Resignation due to sickness absence
If an employee resigns from work due to sickness before the end of the period of six weeks for which the employee is entitled to sick leave with pay and his condition is supported by a medical opinion from a competent physician, an employer is obliged to pay the employee the outstanding balance of his paid entitlement for that period.
This also applies in the event of an employee’s death due to sickness before the end of the aforementioned six week period.
What about continuous service?
Any periods of sick leave up to a period 12 weeks will not constitute an interruption of continuous service in any year and will be included towards the relevant period for the purposes of any end of service benefit calculation.
The Labour Law does not permit an employee to carry over any sick leave entitlement to the following year.
Any accumulated and unused sick leave will therefore be lost at the end of each year.
We would advise employers to ensure that any periods of sick leave are clearly documented in writing so that there is certainty as to the status of the leave which the employee is subject to at all times and that sick leave does not for example get confused with annual leave or maternity leave.
Similarly, it is sensible for an employer to request, and an employee to provide, during any lengthy and sustained period of sick leave weekly or monthly medical certificates so that the employer is kept abreast of the employee’s condition and the employee keeps in regular contact with the employer.

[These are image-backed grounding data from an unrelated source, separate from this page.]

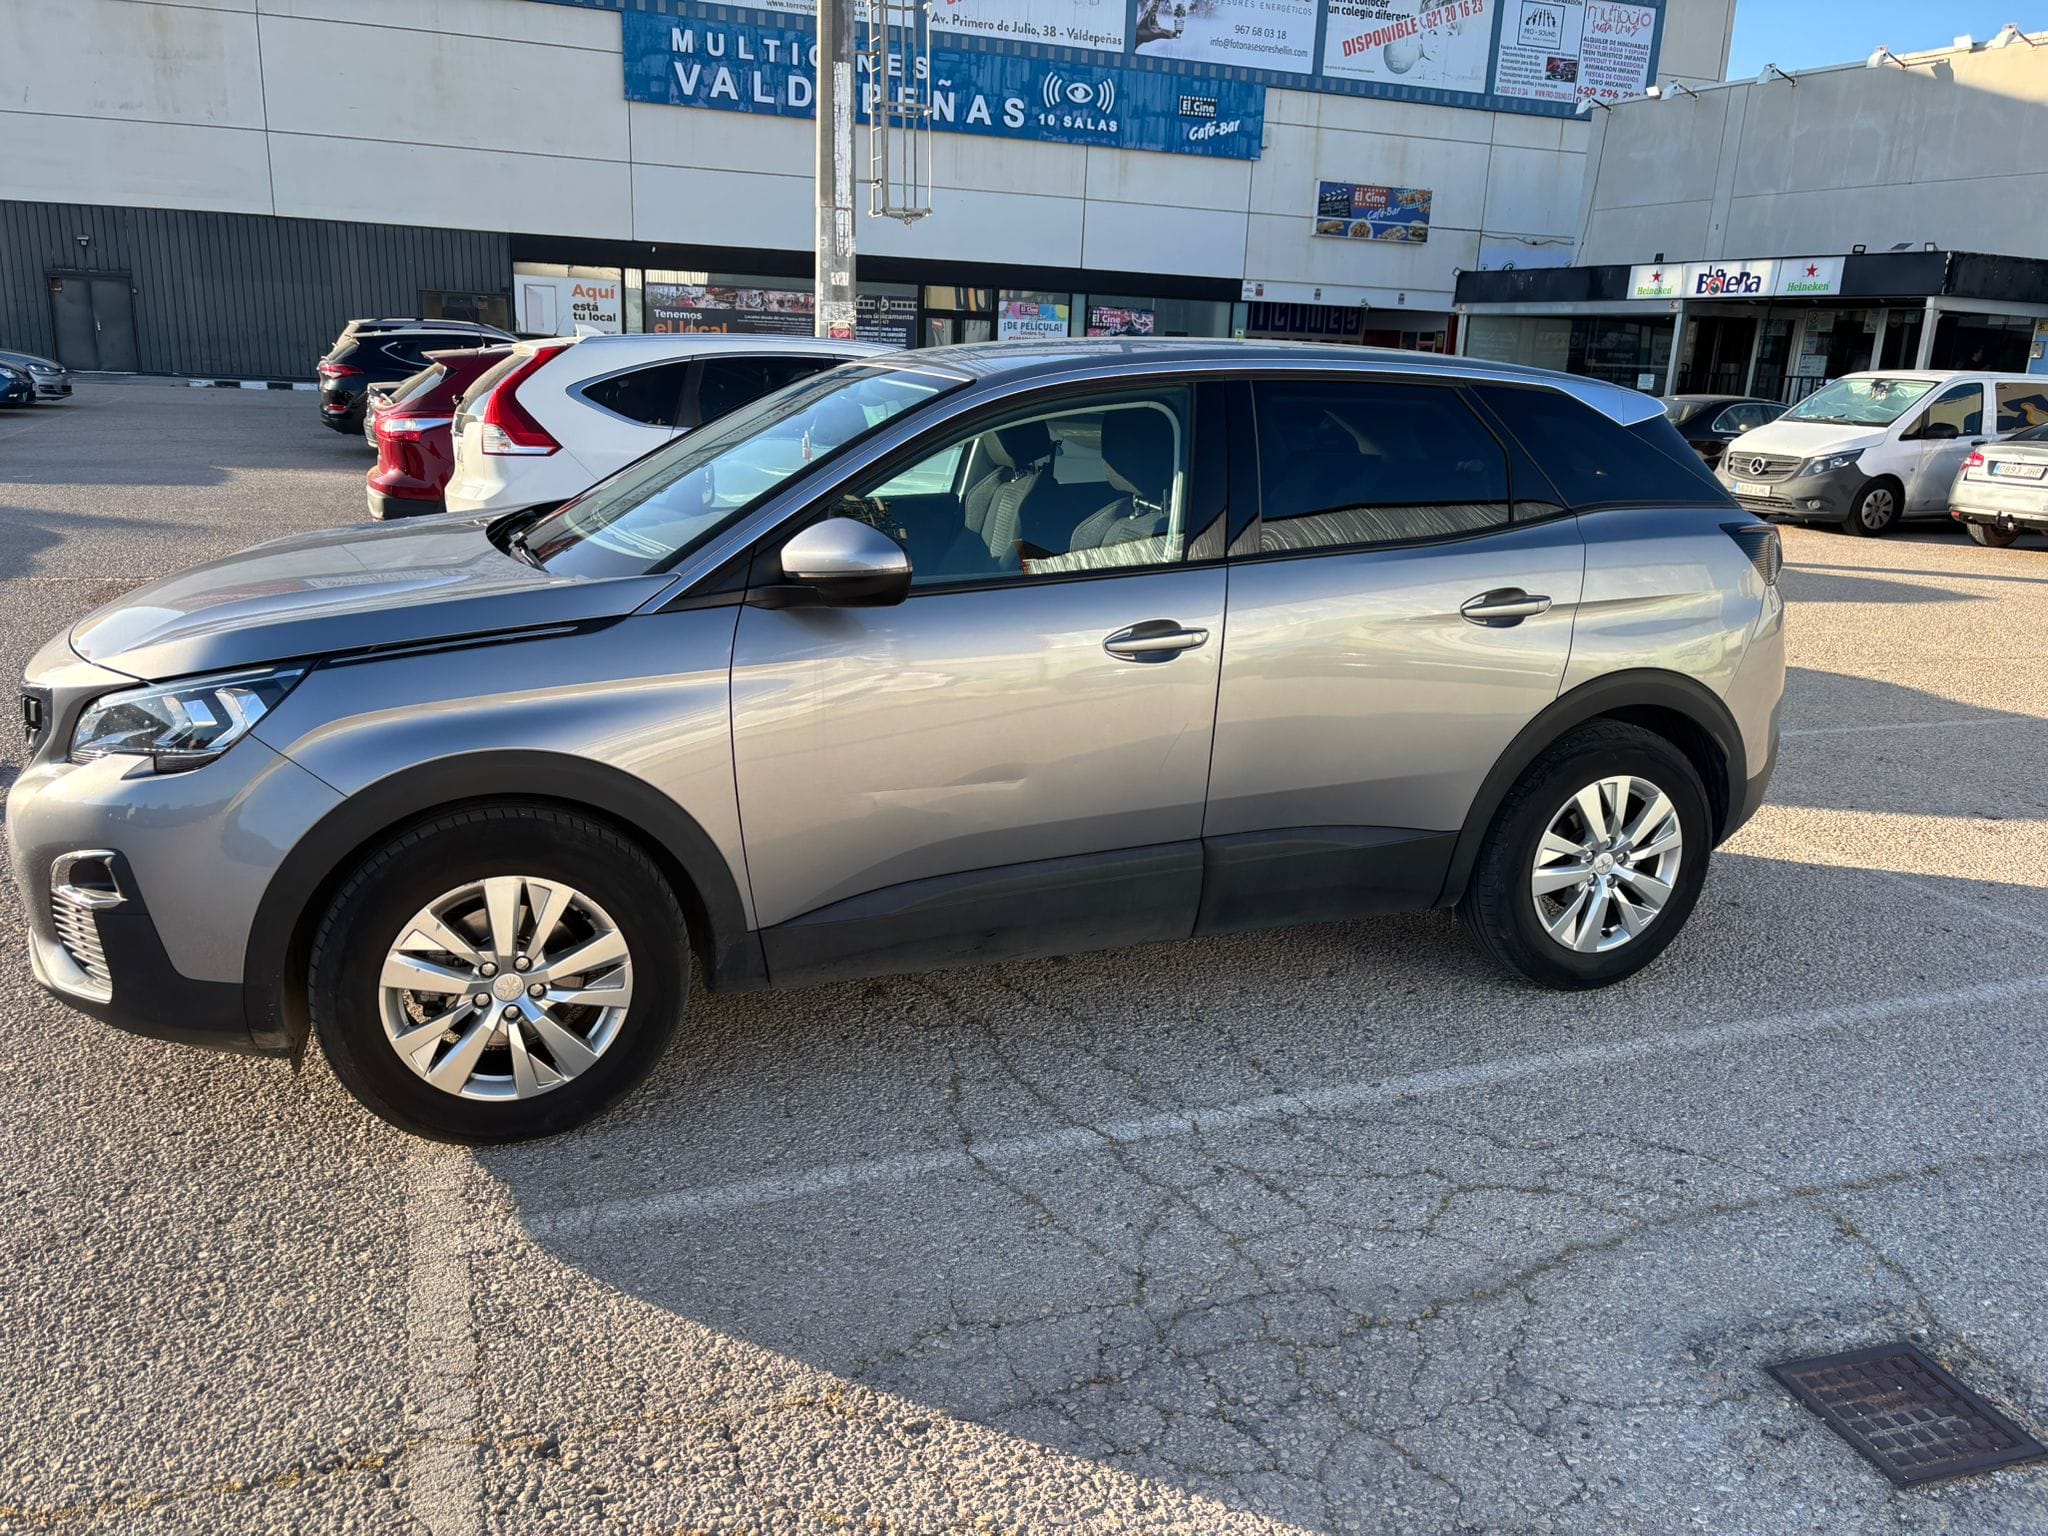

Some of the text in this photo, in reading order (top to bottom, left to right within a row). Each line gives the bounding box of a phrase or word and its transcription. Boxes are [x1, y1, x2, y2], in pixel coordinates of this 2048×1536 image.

[1328, 6, 1340, 14] un
[1341, 6, 1373, 19] colegio
[931, 11, 949, 24] Av.
[952, 14, 994, 30] Primero
[997, 20, 1010, 32] de
[1012, 21, 1040, 38] Julio,
[1043, 25, 1057, 37] 38
[1066, 27, 1122, 46] Valdepeñas
[1234, 24, 1287, 39] 967 68 03 18
[1343, 0, 1483, 57] DISPONIBLE 621 20 16 23
[1584, 36, 1608, 45] ALQUILER
[1617, 40, 1649, 51] HINCHABLES
[671, 27, 928, 80] MULTICNES
[1589, 78, 1603, 86] TORO
[674, 62, 1026, 128] VALDPEÑAS
[1577, 86, 1597, 96] 620
[1600, 88, 1619, 99] 296
[1182, 100, 1215, 113] El Cine
[1039, 112, 1118, 133] 10 SALAS
[1189, 119, 1240, 141] Café-Bar
[1355, 191, 1386, 204] El Cine
[1367, 207, 1401, 220] Café-Bar
[572, 283, 617, 301] Aquí
[1637, 285, 1672, 297] Heineken
[1787, 281, 1829, 293] Heineken
[573, 302, 599, 312] está
[573, 312, 616, 322] tu local
[654, 309, 703, 320] Tenemos
[1092, 313, 1121, 324] El Cine
[654, 320, 672, 334] el
[680, 320, 728, 334] local
[1003, 320, 1063, 332] ¡DE PELÍCULA!

Sick Leave can, if not appropriately managed internally, be a material reason for employer/employee disputes some of which will eventually result in labour court claims.
The underlying basis for these disputes can relate to which periods are paid and what payments should be made, the validity of medical certificates and/or the physician providing them and a misunderstanding regarding how employment can be terminated during sick leave amongst other things.
Clear policies and procedures enforced across the board together with good internal communications to manage expectations should assist in mitigating the risk of disputes and save both employers and employees from the time and costs which a labour court claim will incur.